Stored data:
※

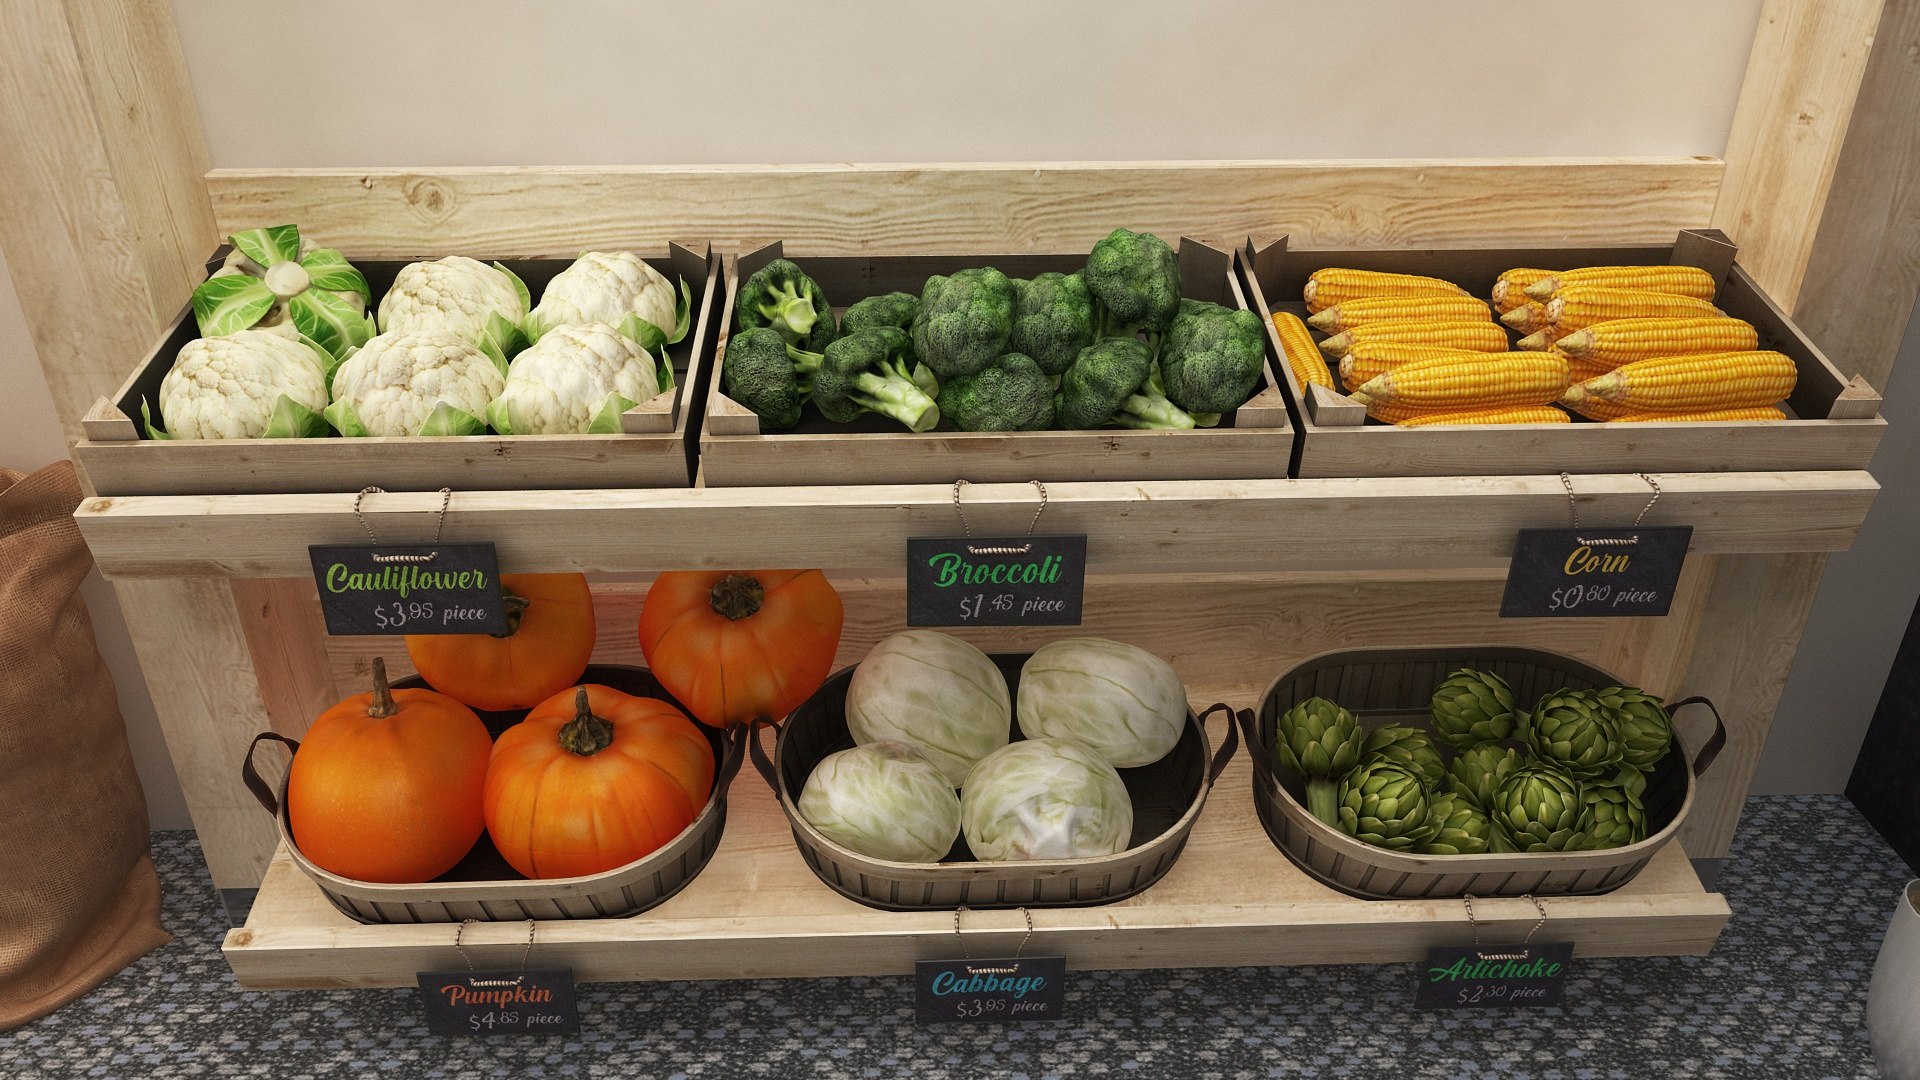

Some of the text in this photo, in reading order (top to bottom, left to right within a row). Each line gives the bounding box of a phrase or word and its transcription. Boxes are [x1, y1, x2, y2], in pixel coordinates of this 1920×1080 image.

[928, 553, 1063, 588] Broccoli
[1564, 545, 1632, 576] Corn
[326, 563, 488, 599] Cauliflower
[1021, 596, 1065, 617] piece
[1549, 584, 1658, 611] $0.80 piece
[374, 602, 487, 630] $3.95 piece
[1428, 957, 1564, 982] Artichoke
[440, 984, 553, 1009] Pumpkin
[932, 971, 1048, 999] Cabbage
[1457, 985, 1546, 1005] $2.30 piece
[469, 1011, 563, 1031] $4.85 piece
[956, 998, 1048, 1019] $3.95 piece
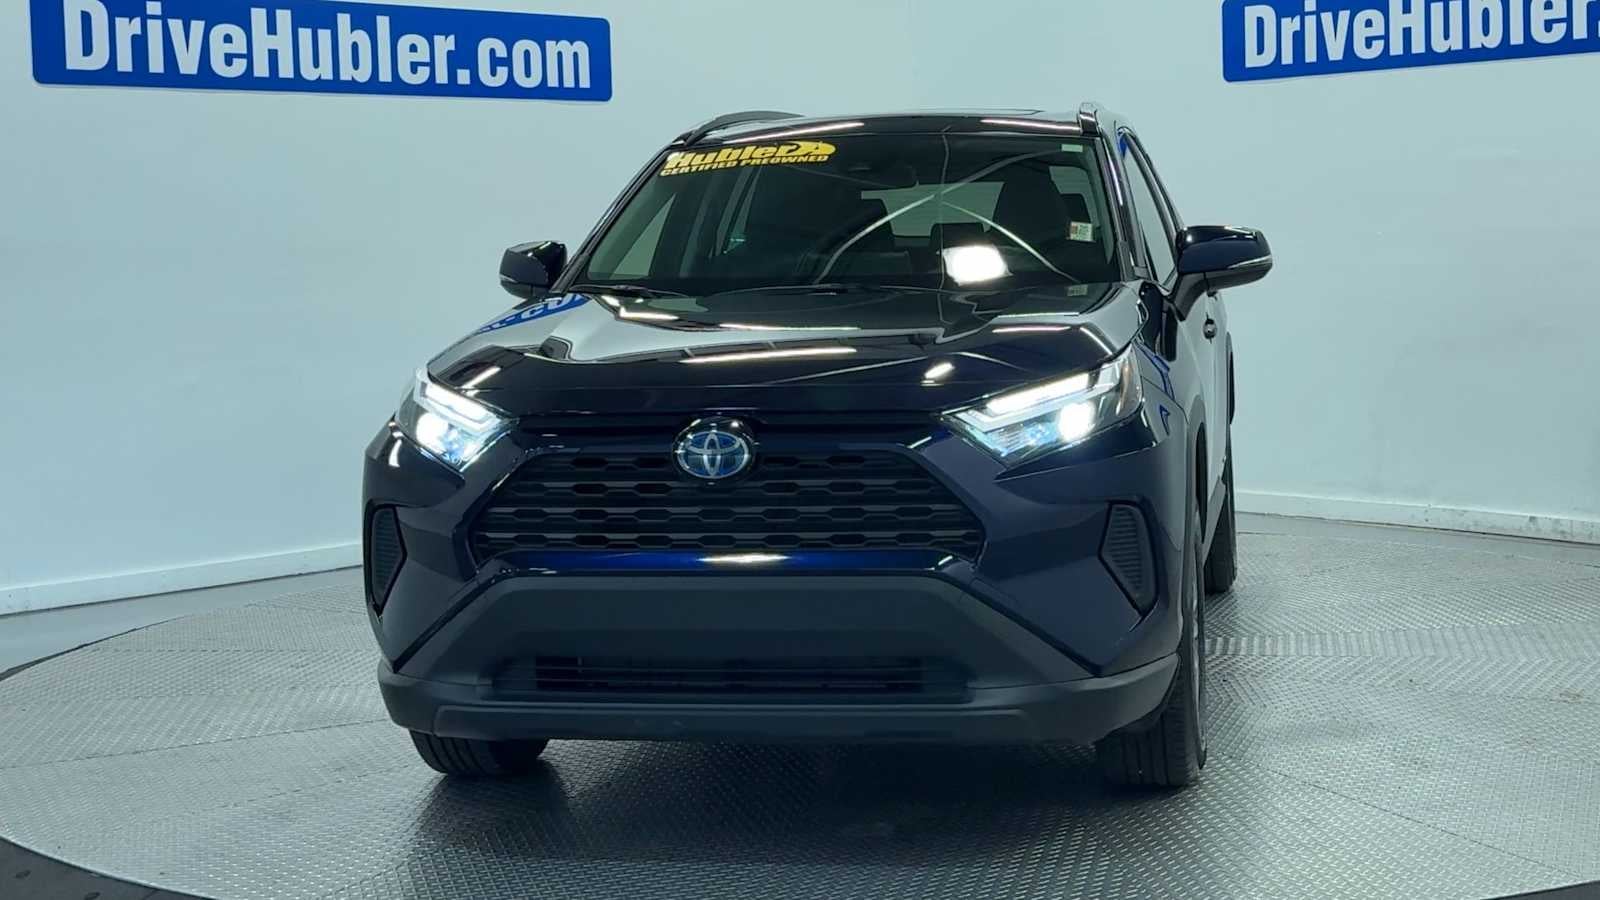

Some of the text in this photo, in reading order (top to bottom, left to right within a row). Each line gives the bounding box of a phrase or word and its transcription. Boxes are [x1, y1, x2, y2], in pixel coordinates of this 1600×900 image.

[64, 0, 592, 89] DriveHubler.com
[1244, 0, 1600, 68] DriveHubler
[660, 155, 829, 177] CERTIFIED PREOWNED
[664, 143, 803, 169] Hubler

※

> TASK DETAILS
Each line from the one with "this 1600×900 image." through the end of the records above should be written out exactly. No other line should appear.

> EXERCISE ANSWER
Some of the text in this photo, in reading order (top to bottom, left to right within a row). Each line gives the bounding box of a phrase or word and its transcription. Boxes are [x1, y1, x2, y2], in pixel coordinates of this 1600×900 image.

[64, 0, 592, 89] DriveHubler.com
[1244, 0, 1600, 68] DriveHubler
[660, 155, 829, 177] CERTIFIED PREOWNED
[664, 143, 803, 169] Hubler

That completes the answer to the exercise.